Bell (sympatico) is offering an Internet Security Services package (AV, ASpyware, Firewall).
I have been trying to find some information related to the quality of their services.
What I could find was very little, mostly outdated info.

This is quickly a brief summary:
- the package is provided by Radialpoint (known as well as Freedom, and previously as Zero Knowledge).
- no independent third party review comparison vis a vis other providers that I could find since it is not available directly for retail
- it looks that there were some Forum discussions in the past at Radialpoint, and at Rogers, which have been blocked (deleted). That approach makes me a bit suspicious.

I would be very interested in reviews and opinions about the quality of this last available package from Bell.
Feedback from technical persons as well as normal users would be very much appreciated.

Best regards
imanea


----------



## ErikAlbert (Oct 14, 2010)

This one ?
http://assistance.sympatico.ca/index.cfm?method=content.view&content_id=17598


----------



## lunarlander (Sep 22, 2007)

Here's the english page:

http://internet.bell.ca/index.cfm?method=content.view&content_id=17598

In my opinion, all other security suites seem to do similar things, but, those have been reviewed and are better known.
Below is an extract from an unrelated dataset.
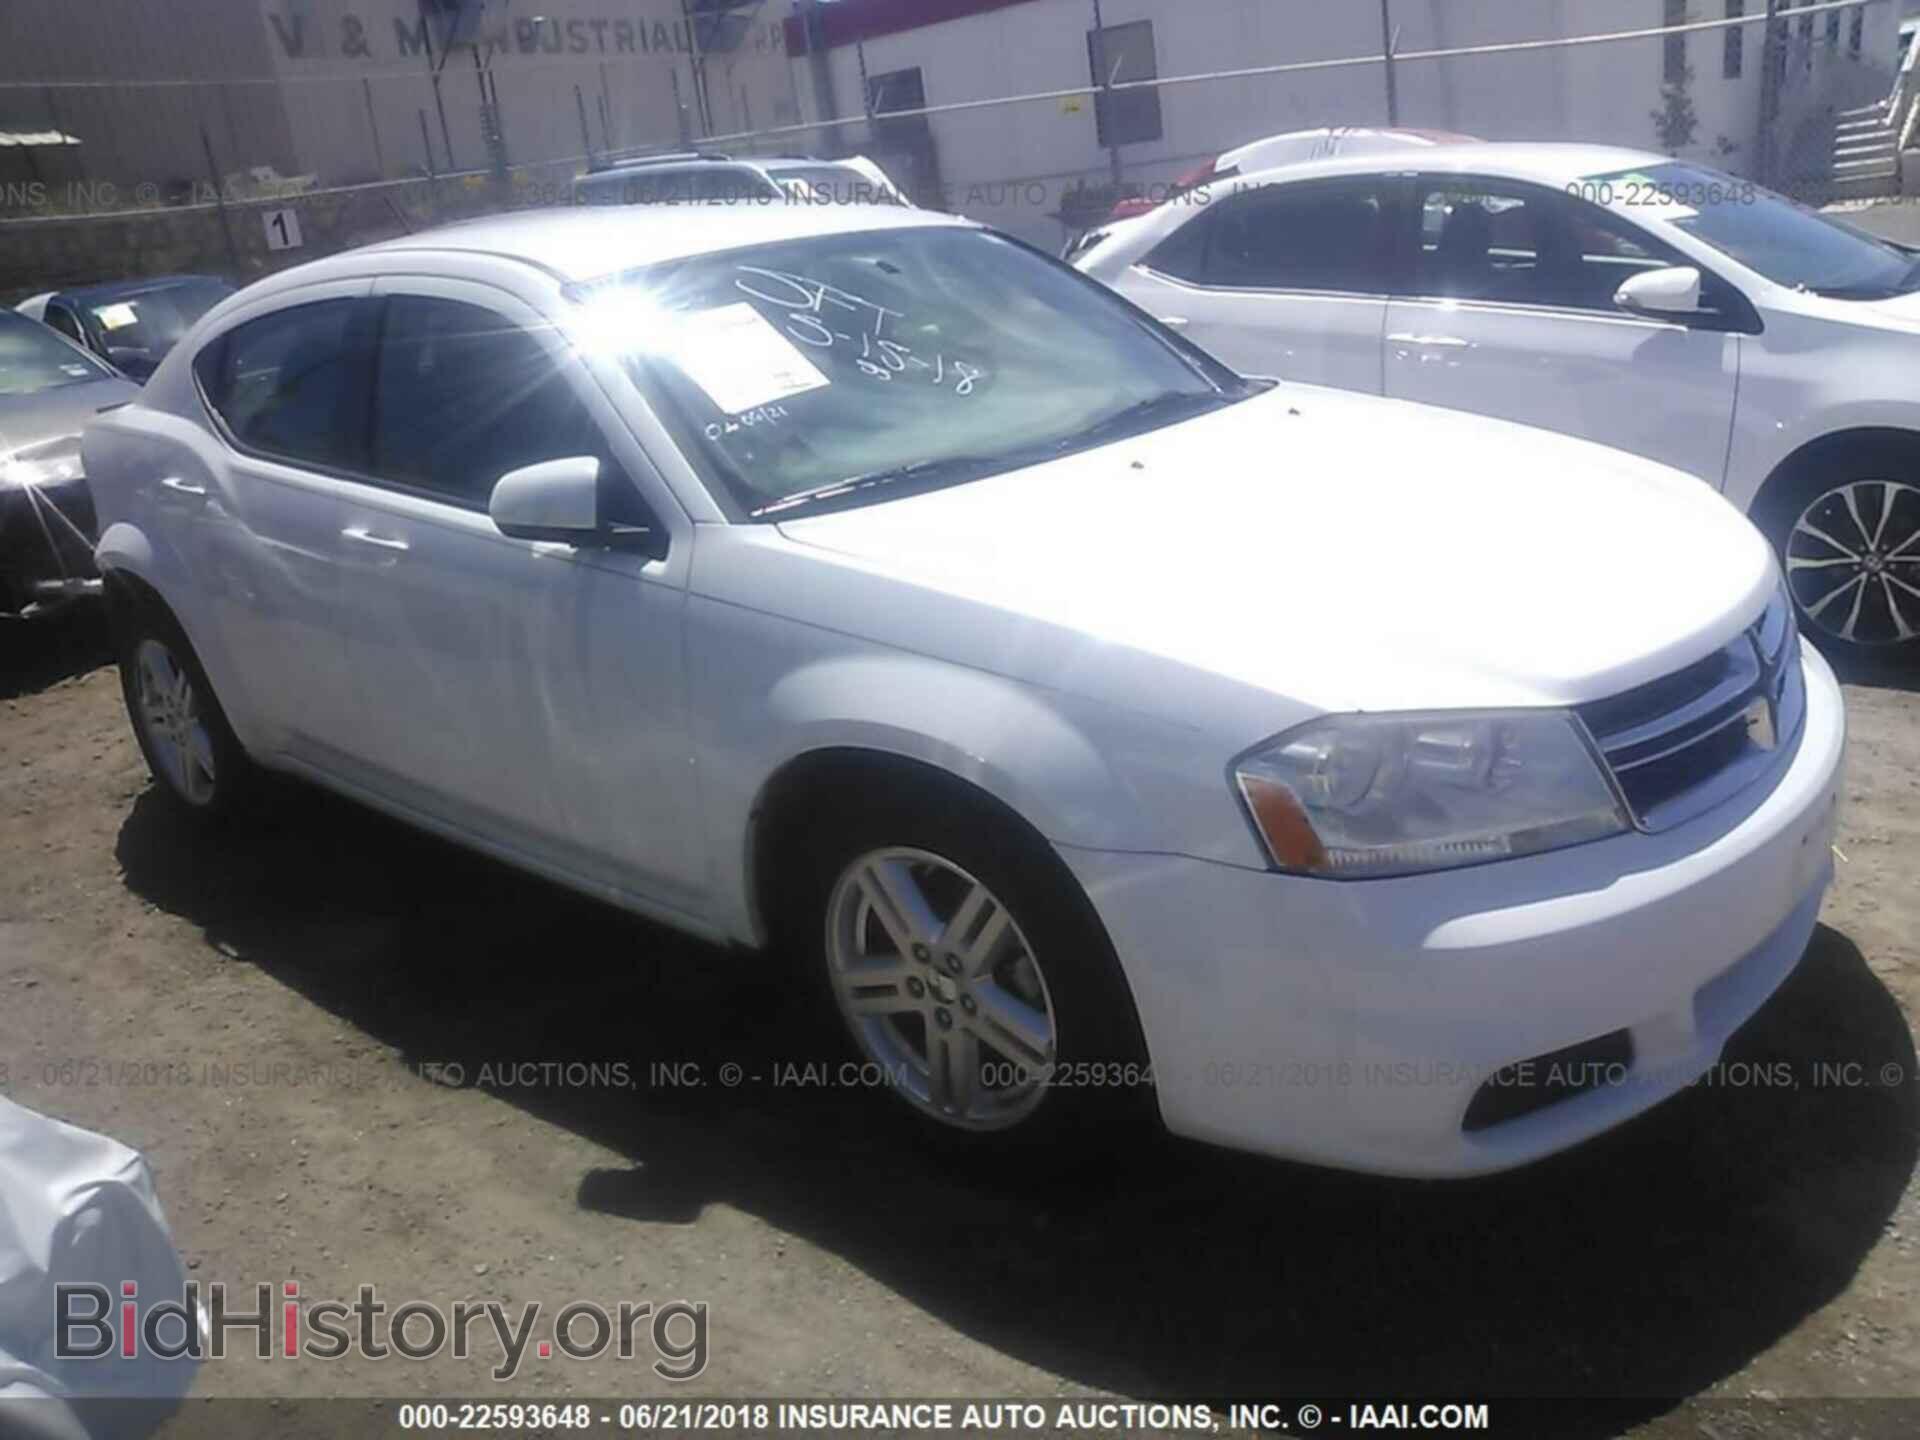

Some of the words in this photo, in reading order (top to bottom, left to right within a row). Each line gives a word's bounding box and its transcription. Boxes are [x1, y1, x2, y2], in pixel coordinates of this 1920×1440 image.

I wouldn't go with a no-name brand.


----------



## imanea (Nov 23, 2010)

I spoke with a Bell tech support and I found out that:
1. AV= Kaspersky
2. ASpy= BitDefender
3. Active shield= AVG
4. Firewall=??
But again the most important is to find out feedback from actual users:
-for how long instaled?
-how good is the interface?
-how good at protection/detection?
-issues?

All the best 
imanea
-


----------



## ErikAlbert (Oct 14, 2010)

Sounds like the nth Frankenstein Internet Security Suite to make more money. I never liked all-in-one solutions, they are usually a combination of good and lesser good parts. 
It isn't original either, Bell only re-invented the wheel, which has been done before. 
I'm not impressed, just another security based on blacklisting.
The good guys are always following the bad guys, that's not good. If the good guys want to win they have to run faster than the bad guys, but that doesn't happen.
P.S.: KAV is not an advanced+ AV-scanner anymore according the last av-comparatives tests.


----------



## Snagglegaster (Sep 12, 2006)

imanea, your ISP is just providing security software supplied by the lowest bidder. Whether packages like this come from your computer manufacturer or your Internet provider, product performance isn't the primary concern. It's partly a CYA maneuver and partly a sales tool. Your system's security and integrity is low on the priority list.


----------



## imanea (Nov 23, 2010)

Snagglegaster said:


> imanea, your ISP is just providing security software supplied by the lowest bidder. Whether packages like this come from your computer manufacturer or your Internet provider, product performance isn't the primary concern. It's partly a CYA maneuver and partly a sales tool. Your system's security and integrity is low on the priority list.


Snagglegaster,
Thank you for your opinion. I would agree with your general comment.
What is CYA by the way?
I am still hoping that actual users would post some feedback about their experiences.
imanea


----------



## ErikAlbert (Oct 14, 2010)

imanea said:


> I am still hoping that actual users would post some feedback about their experiences.
> imanea


Who is going to pay $10/month (= $120/year), when there are free alternatives ? You can buy several software for $120.
Only users, who don't know about these free alternatives are potential customers for this security package = beginners, new users, less-knowledgeable users.
Who needs "Bell Disk Optimizer", when most users use CCleaner (freeware) already ?
Who needs "Bell Backup/Restore", when most users have a backup-system (free or paid) already ? Windows 7 offers a free backup-system.
All the rest is covered by freeware.
Most users are not interested in this expensive Bell security package, which means no popularity and less opinions. You are lucky, if you find a knowledgeable user at TSG, who really uses this package in practice and is able to evaluate it in an objective way.
Until now you didn't get any reply of such a user.


----------



## bp936 (Oct 13, 2003)

Anyone I know, switched from Bell (Sympatico) since support is terrible, takes forever to get someone knowledgeable from overseas.
My sister still uses them, but has a lot of problems, she thinks she is protected by Bell, but she is not. I would not pay anything to Bell I don't have to.
Read here the several options given for free protection under Malware and General Security, you will come across several suggestions. 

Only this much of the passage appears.